The place must have grown on him because 23 years and some days later, Feltmann still doesn't have any plans to leave.
"Every day is a challenge, and I don't mind," Feltmann wrote in a summary of his 23 years of ownership. "There is no time to get bored. The phone is always ringing to fix something, go find more product because we ran out, or the 'I can't come in today, I'm not feeling well.'"
In addition to ownership, many other features at the Old Milwaukee Club have not changed in the past two-plus decades. There is still a large rock in the parking lot where children (and adults with off-road vehicles) like to have fun. There is still a large, brick wood stove in the center of the bar, and the walls are still decorated with street signs.
Features like that are the source of a lot of memories and stories at the club.
“People remember it from when they were kids,” Feltmann said. “They come here and say, 'I haven't been here in 30 years but that's the same and that's the same. And that same person is sitting at the bar!'”
Some patrons today still remember socks hanging around the wood stove in the winter, hung up to dry for snowmobiling patrons. One still remembers sitting in a booth as a child when the attack on Pearl Harbor was announced over the radio. Others remember the open attic with a plastic Santa looking down on them. Even some of the staff and regulars are the same.
Things like that are why Feltmann hasn't removed the parking lot boulder to make room for another parking spot or removed the wood stove to make room for more seating. Even when there was a fire at the bar in December 2005, Feltmann repaired the bar with the old materials salvaged from the fire, or old wood that recreated the original look.
“The first thing I noticed when I bought the club was all the history and signs on the walls,” Feltmann said. “I knew right away they all had a story, so I kept them.”
Not everything is the same, however. Feltmann has changed a small handful of things. He has updated, remodeled and expanded the kitchen. He added a patio and moved seating around. Feltmann offers services like catering, as well as private dinner reservations in The Executive Room, which features a five-course meal in the off-season.
“There really hasn't been much to change,” Feltmann said. “Even the employees haven't changed very much. We did put a patio on the south side of the restaurant with a fire pit.”
While his tenure has lasted longer than he expected, Feltmann does hope to pass the torch eventually.

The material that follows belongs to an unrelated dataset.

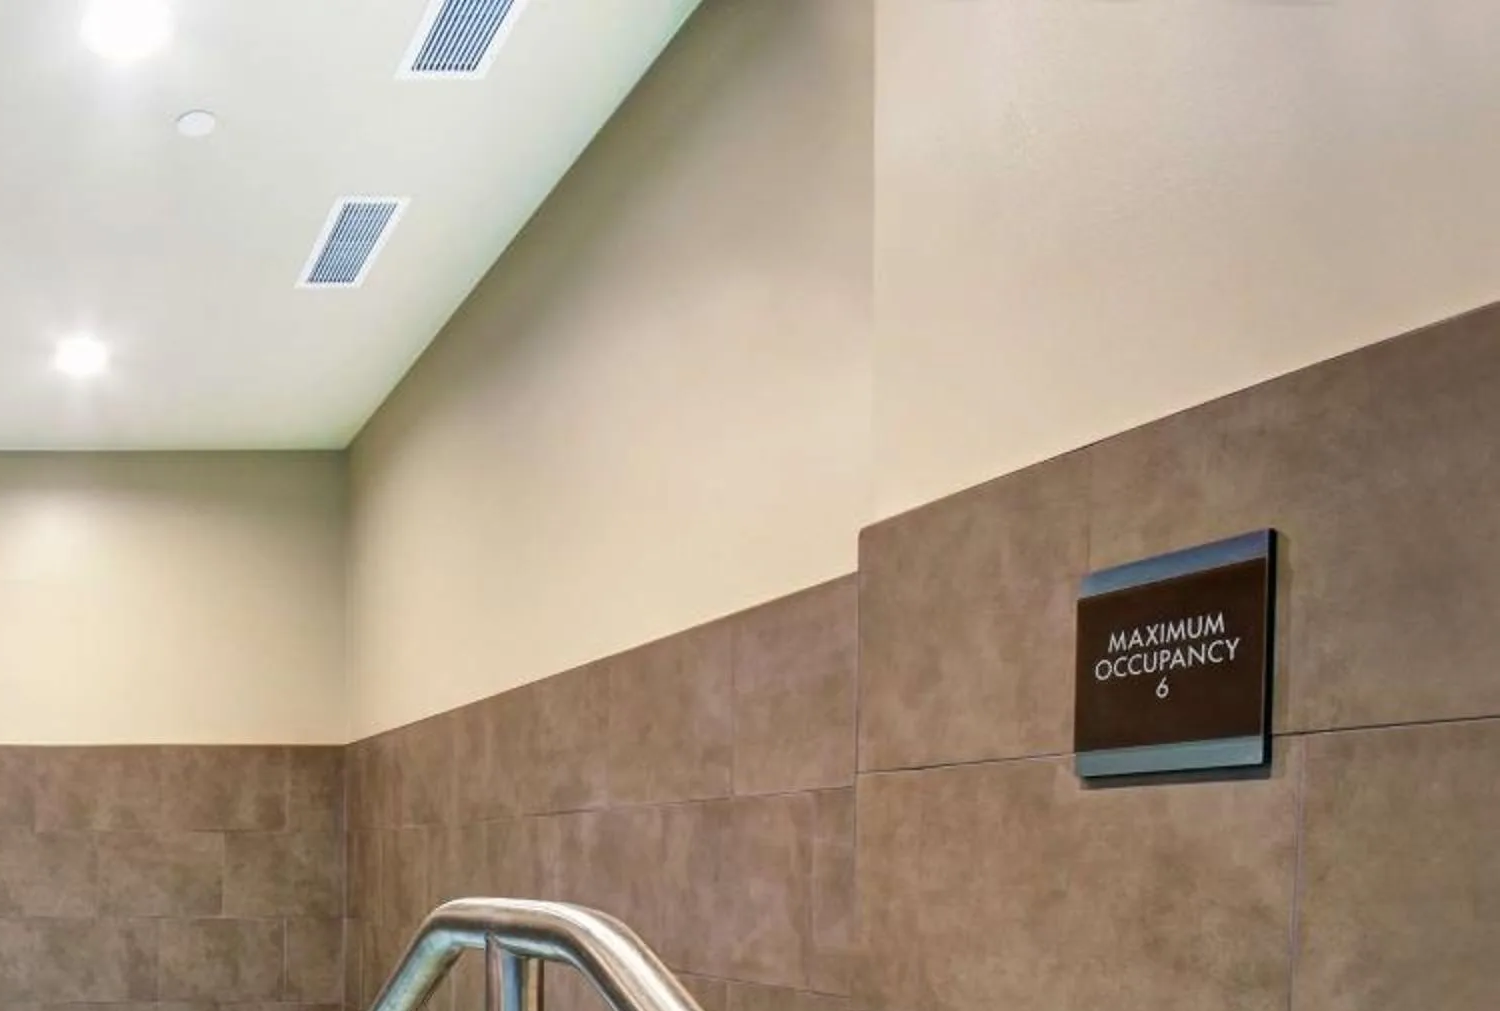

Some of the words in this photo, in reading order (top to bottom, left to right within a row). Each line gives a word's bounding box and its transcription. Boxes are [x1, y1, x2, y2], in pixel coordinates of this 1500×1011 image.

[1107, 611, 1226, 654] MAXIMUM
[1094, 637, 1240, 682] OCCUPANCY
[1155, 676, 1170, 699] 6

“I plan on sticking around for a while,” Feltmann said. “I’m waiting for my son, Benjamin, to come up from the Cities and take over one of these days, but he is enjoying being a chef and managing the restaurant Travail, currently in Uptown, till they move back to Robbinsdale at a new location. So I have a feeling he won’t be up anytime soon. So in the meantime, my staff and I will keep plugging away at one of the most unique bar and restaurants in the Brainerd lakes area.”